Maduro’s designation under Executive Order 13692 means any assets, financial and other economic assets (including beneficiary assets) owned by him found within U.S. jurisdiction, now are in the future, are frozen immediately. Furthermore, U.S. persons – individuals and entities – are prohibited from doing business with Maduro and are subject to significant fines as sanctions violators. All individuals and entities that are within U.S. jurisdiction during the effective period of these sanctions are considered U.S. persons for purposes of sanctions enforcement. While U.S. unilateral sanctions are not generally applicable to non-U.S. persons outside U.S. jurisdiction, there are circumstances where prohibited relationships with targeted individuals might be considered in violation of U.S. sanctions.

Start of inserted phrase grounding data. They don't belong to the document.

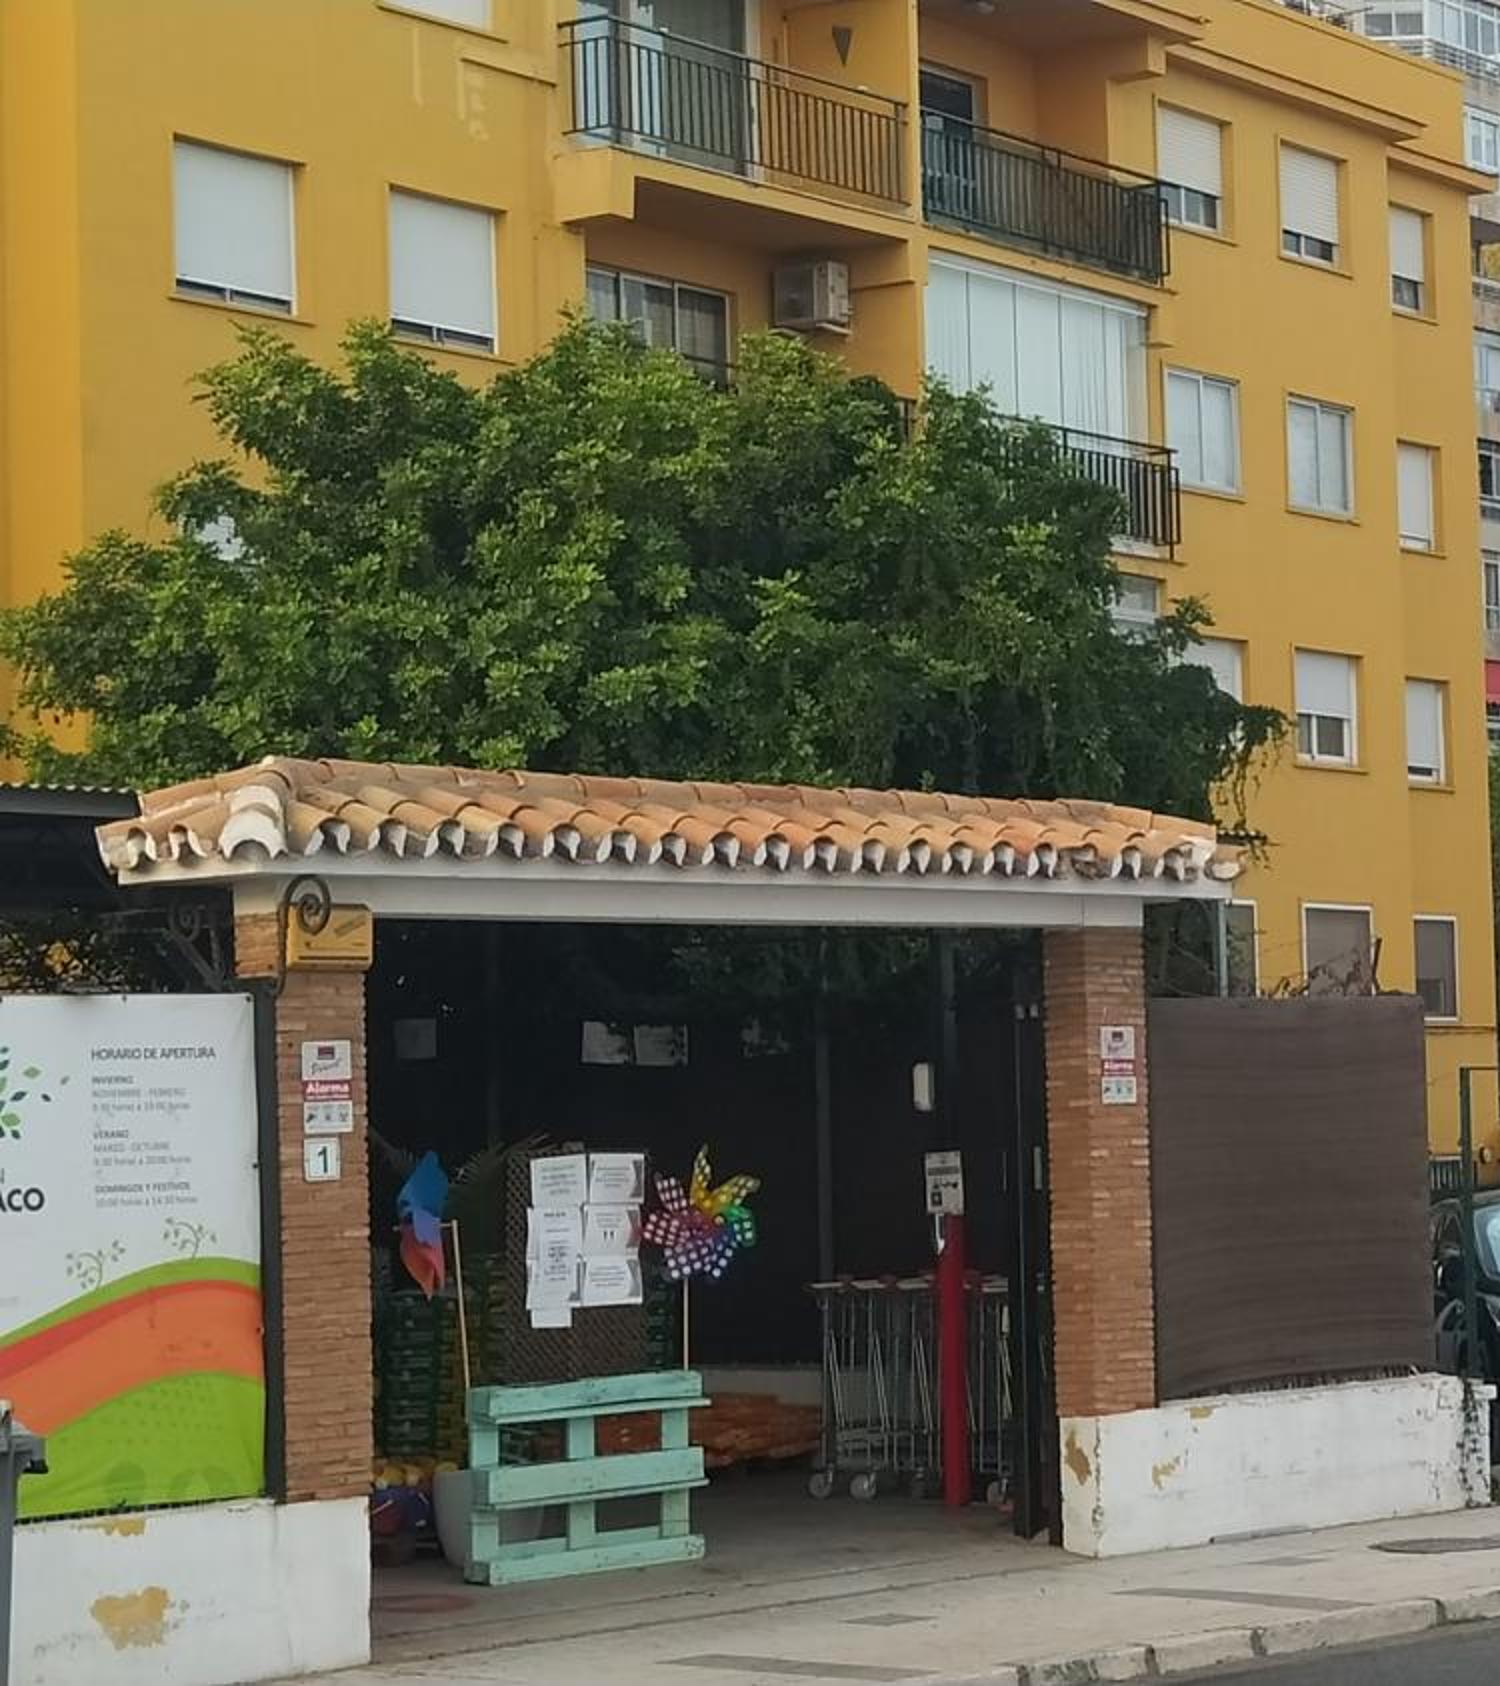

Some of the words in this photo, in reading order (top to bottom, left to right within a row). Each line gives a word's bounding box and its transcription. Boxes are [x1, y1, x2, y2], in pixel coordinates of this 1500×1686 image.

[91, 1047, 141, 1060] HORARIO
[143, 1047, 158, 1059] DE
[160, 1046, 216, 1059] APERTURA
[306, 1081, 349, 1093] Alarma
[317, 1145, 328, 1174] 1

In applying these new sanctions the U.S. Treasury Department’s Office of Foreign Assets Control, in consultation with the U.S. State Department relied on existing law and E.O. 13692, which was issued by former President Barack Obama on March 8, 2015 granting the requisite authority to impose sanctions against specific targets in Venezuela deemed to be responsible for human rights and other specific violations, as elaborated in the E.O. Recent developments in Venezuela suggest the situation in Venezuela is much worse now than in 2015 when sanctions were first imposed. Television images and other reports coming out of Venezuela support the conclusion that democracy, rule of law, and protection of human rights have been severely undermined and are deteriorating quite rapidly.
Whether one agrees or disagrees with unilateral actions taken by the United States government, the conditions in Venezuela needs our attention, in particular the collective attention of the countries of the Hemisphere. The failure of the Organization of American States (OAS) to engage objectively on the situation in Venezuela sets back democracy and rule of law in the region and opens the door even wider for U.S. unilateral actions.
My two years’ experience on the United Nations Security Council and subsequent engagements with the UN shape my perspective on emerging conflict situations, the root causes of conflicts, the timeliness of interventions, and conflict prevention. It also provides me with a clear understanding of the role of geopolitics in the mix. No two conflicts are exactly alike but all share common characteristics, common causes and origins. Most have their roots in the absence of democracy and rule of law, or are exacerbated by gradual erosion of democratic and rule of law institutions in cases where these fundamental elements of good governance existed beforehand. Ethnic, social and economic discrimination and exclusion often take advantage of weak or non-existent democratic institutions and lack of opportunity to address grievances in a peaceful manner.
The history of the Western Hemisphere, in particular Central and South America is replete with despotic leaders, dictatorships, and gross violators of human rights. In the last few decades democratic institutions and rule of law have been taking root. Unfortunately when undemocratic forces and gross human rights violations re-emerge, our collective paralysis in dealing effectively invite unilateral actions.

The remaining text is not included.